I've noticed that something like 

	spam() { for i; do echo $i; done }

expands into

	spam () { for i in $*
	do
	echo $i
	done }

(direct shell output).  Personally, I would expect "$@" instead of $*
in the for statement.  What is the "official statement" on this?

bfox@sbphy.ai.mit.edu (Brian Fox) (12/14/89)

   Date: 14 Dec 89 05:10:31 GMT
   From: ogicse!reed!trost@caesar.cs.montana.edu  (Bill Trost)
   Sender: bug-bash-request@prep.ai.mit.edu

   I've noticed that something like 

	   spam() { for i; do echo $i; done }

   expands into

	   spam () { for i in $*
	   do
	   echo $i
	   done }

   (direct shell output).  Personally, I would expect "$@" instead of $*
   in the for statement.  What is the "official statement" on this?

You are right.  The shell should expand the null argument to "$@".

Brian

trost@reed.bitnet (Bill Trost) (12/15/89)

OK, *now* I write:

	spam () { for i in "$@"; do echo $i; done }

and if I run

	spam "a b" c

I get
	a b c

Similarly, if I leave out the double-quotes, then

	spam "a b" c

produces
	a
	b
	c

It looks like the arguments to functions aren't getting passed quite
right.  This looks familiar; is it one of Chet's
I-have-fixed-this-and-sent-the-patch-to-Brian things?

This series of problems was generated by my attempts to fix the
problem Anders Ellefsrud <anders@ifi.uio.no> noted when he posted a
*corrected* autoload function.  (Silly me, I only implemented the
load, I didn't have it *do* anything!)

BTW, the current candidate for autoload is:
	autoload() {
	   eval $1 '() { args=$@ ; . '$2' ; set -- $args ;  return '$1' "$@" }'
	}

It really should check to see that it has two arguments; I got really
confused when I kept forgetting to provide the filename to
autoload....  Also should check $2 for a leading slash and prepend
$PWD/ if it's absent.

You need the return in case the autoloaded function returns something;
the "$@" is what this message is about; it *should* be right, although
it doesn't work as expected (hence this posting).

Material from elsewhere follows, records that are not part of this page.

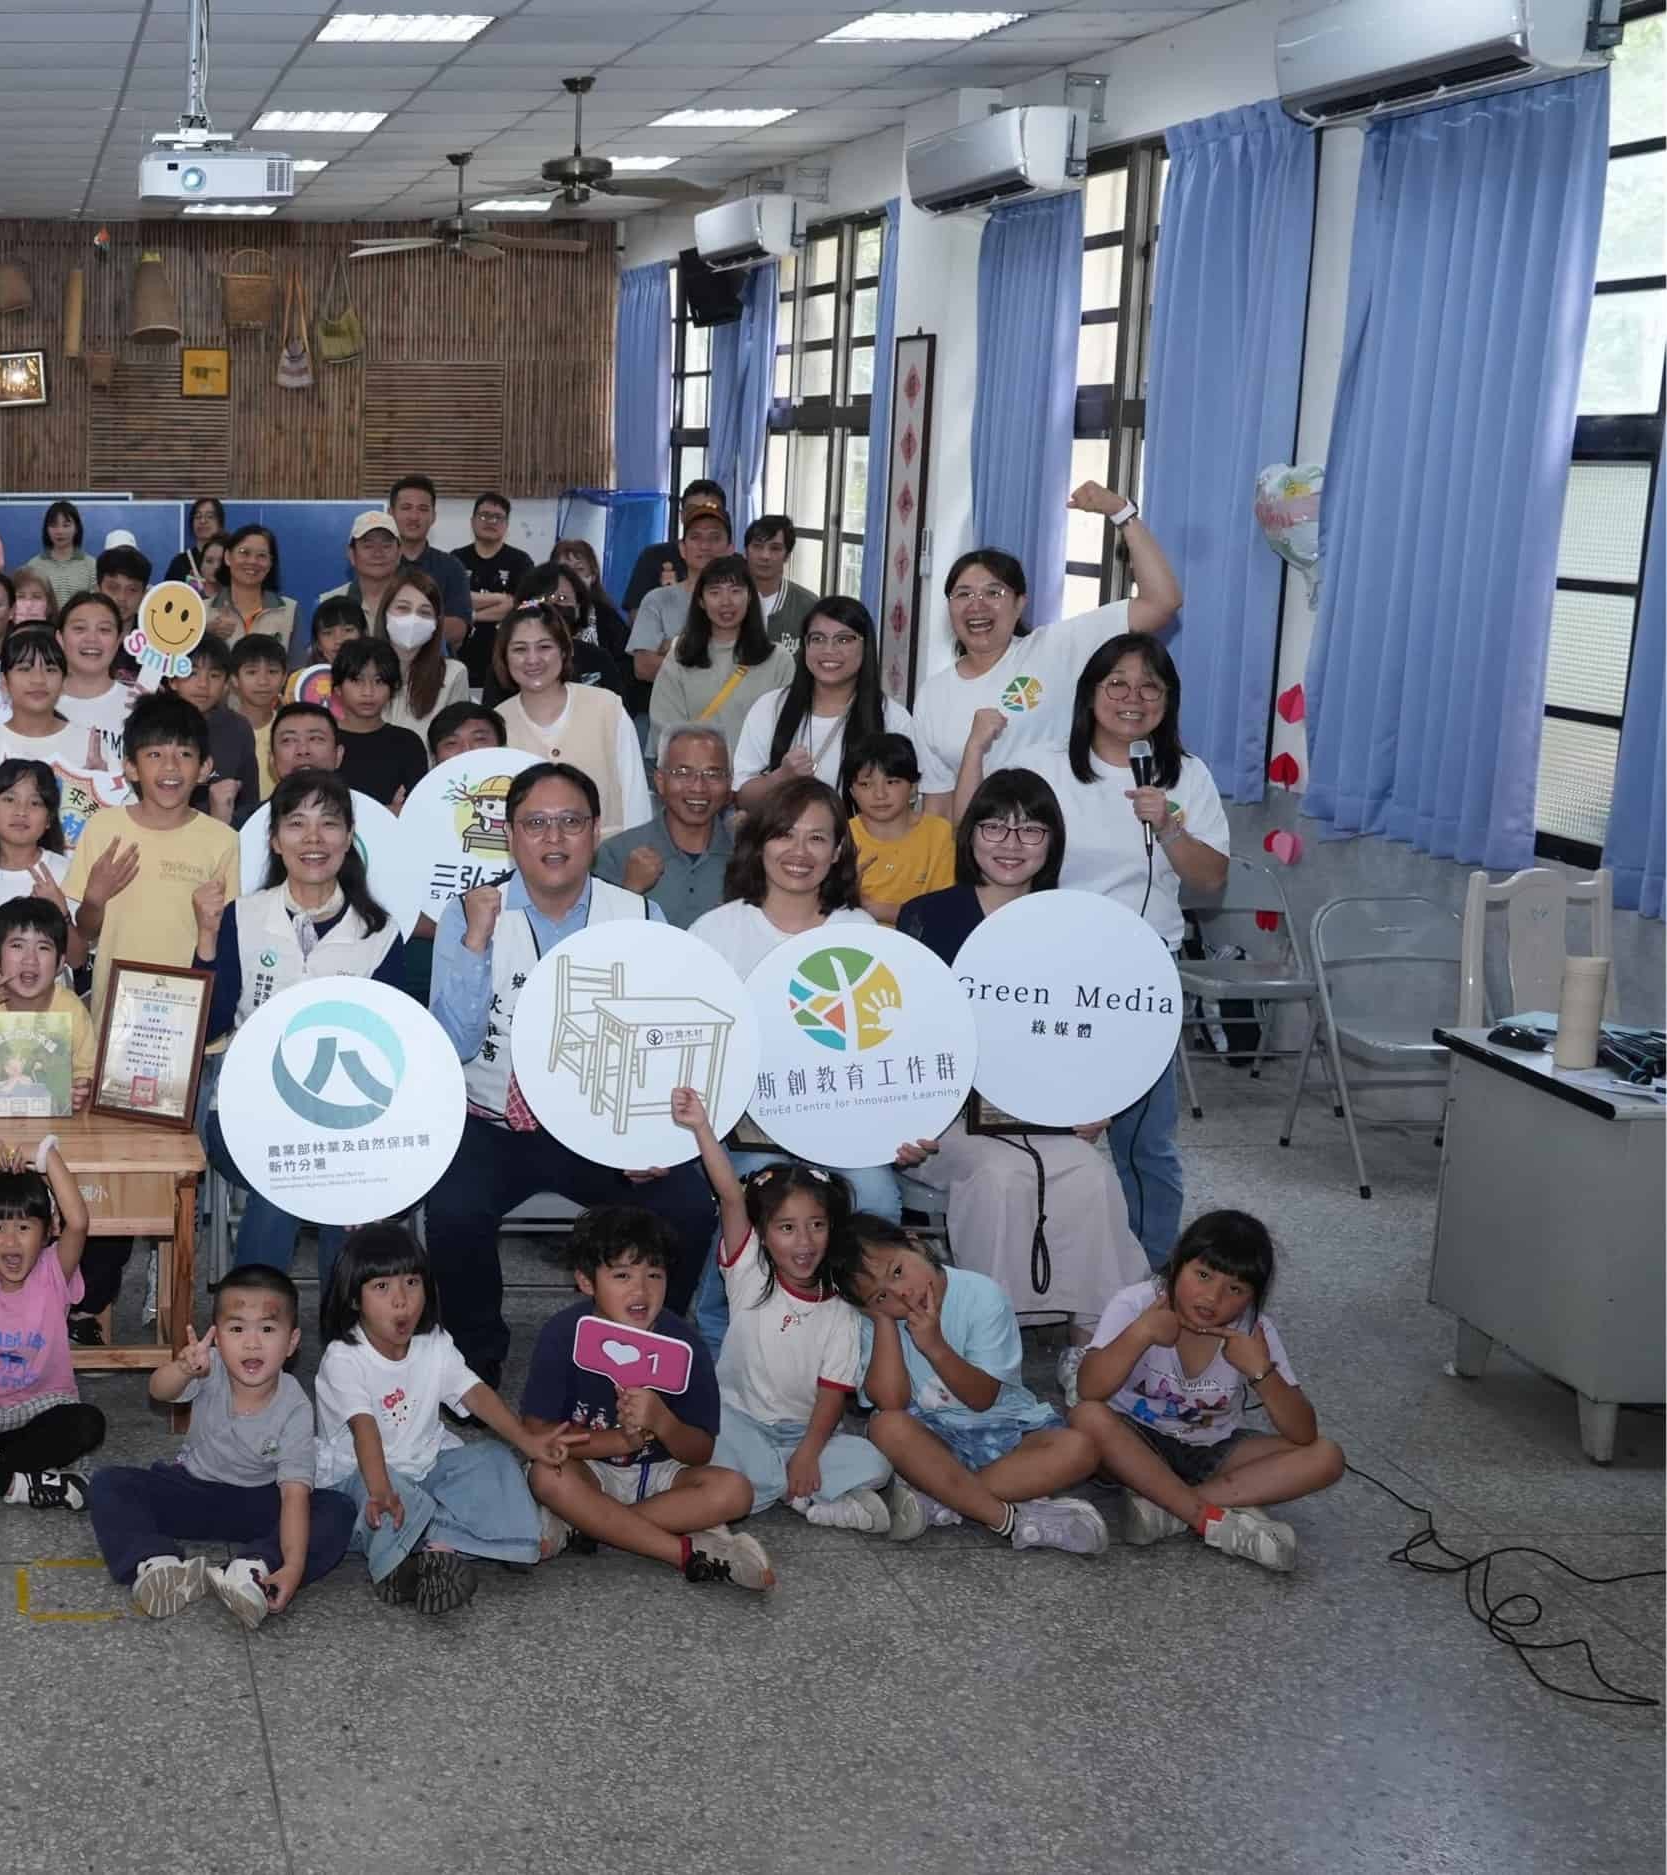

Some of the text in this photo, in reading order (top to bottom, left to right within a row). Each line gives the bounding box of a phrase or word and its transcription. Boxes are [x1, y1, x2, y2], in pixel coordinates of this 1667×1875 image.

[128, 632, 190, 676] Smile
[1074, 984, 1175, 1015] Media
[1030, 1018, 1093, 1039] 綠媒體
[795, 1101, 832, 1114] Centre
[835, 1097, 850, 1110] for
[854, 1092, 909, 1107] Innovative
[912, 1086, 961, 1101] Learning
[268, 1157, 327, 1174] 新竹分署
[647, 1353, 659, 1375] 1

Bryan, you asked something about "what is autoload", essentially.  I
think we're probably all basing our discussion on what we've picked up
from emacs' autoload.  I'll spare you the agony of reading the output
of C-h f autoload   :-).

chet@cwns1.CWRU.EDU (Chet Ramey) (12/16/89)

In article <13746@reed.UUCP> trost@reed.bitnet (Bill Trost) writes:

	[about "$@" not working right in shell functions]

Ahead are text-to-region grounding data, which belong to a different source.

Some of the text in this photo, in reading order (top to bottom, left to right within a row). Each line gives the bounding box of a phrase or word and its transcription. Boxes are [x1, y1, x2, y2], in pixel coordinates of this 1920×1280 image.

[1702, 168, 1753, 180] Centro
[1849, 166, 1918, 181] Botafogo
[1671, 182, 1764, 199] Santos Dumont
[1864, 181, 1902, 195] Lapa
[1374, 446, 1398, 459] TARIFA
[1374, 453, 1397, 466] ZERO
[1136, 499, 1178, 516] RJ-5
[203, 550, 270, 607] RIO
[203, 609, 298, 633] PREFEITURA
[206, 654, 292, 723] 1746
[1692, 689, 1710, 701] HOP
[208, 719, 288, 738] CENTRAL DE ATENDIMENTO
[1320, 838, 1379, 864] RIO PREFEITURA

>It looks like the arguments to functions aren't getting passed quite
>right.  This looks familiar; is it one of Chet's
>I-have-fixed-this-and-sent-the-patch-to-Brian things?

You got it.

It's not the arguments to the function, it's the problem with "$@" 
being interpreted the same as $@ (there is no special-casing for the
quotes in vanilla bash-1.04).

>BTW, the current candidate for autoload is:
>	autoload() {
>	   eval $1 '() { args=$@ ; . '$2' ; set -- $args ;  return '$1' "$@" }'
>	}

Check out <1989Dec14.212828.5302@usenet.ins.cwru.edu> (love them C-News
message-id strings!).

It is, I think (in my own highly opinionated fashion), the closest thing to
the ksh `autoload' that can be implemented as a shell function.  Bill is
right about the need for a `return' though (even if he did it wrong :-);
I have put that into mine.

Chet Ramey
-- 
Chet Ramey
Network Services Group				"Where's my froggie?"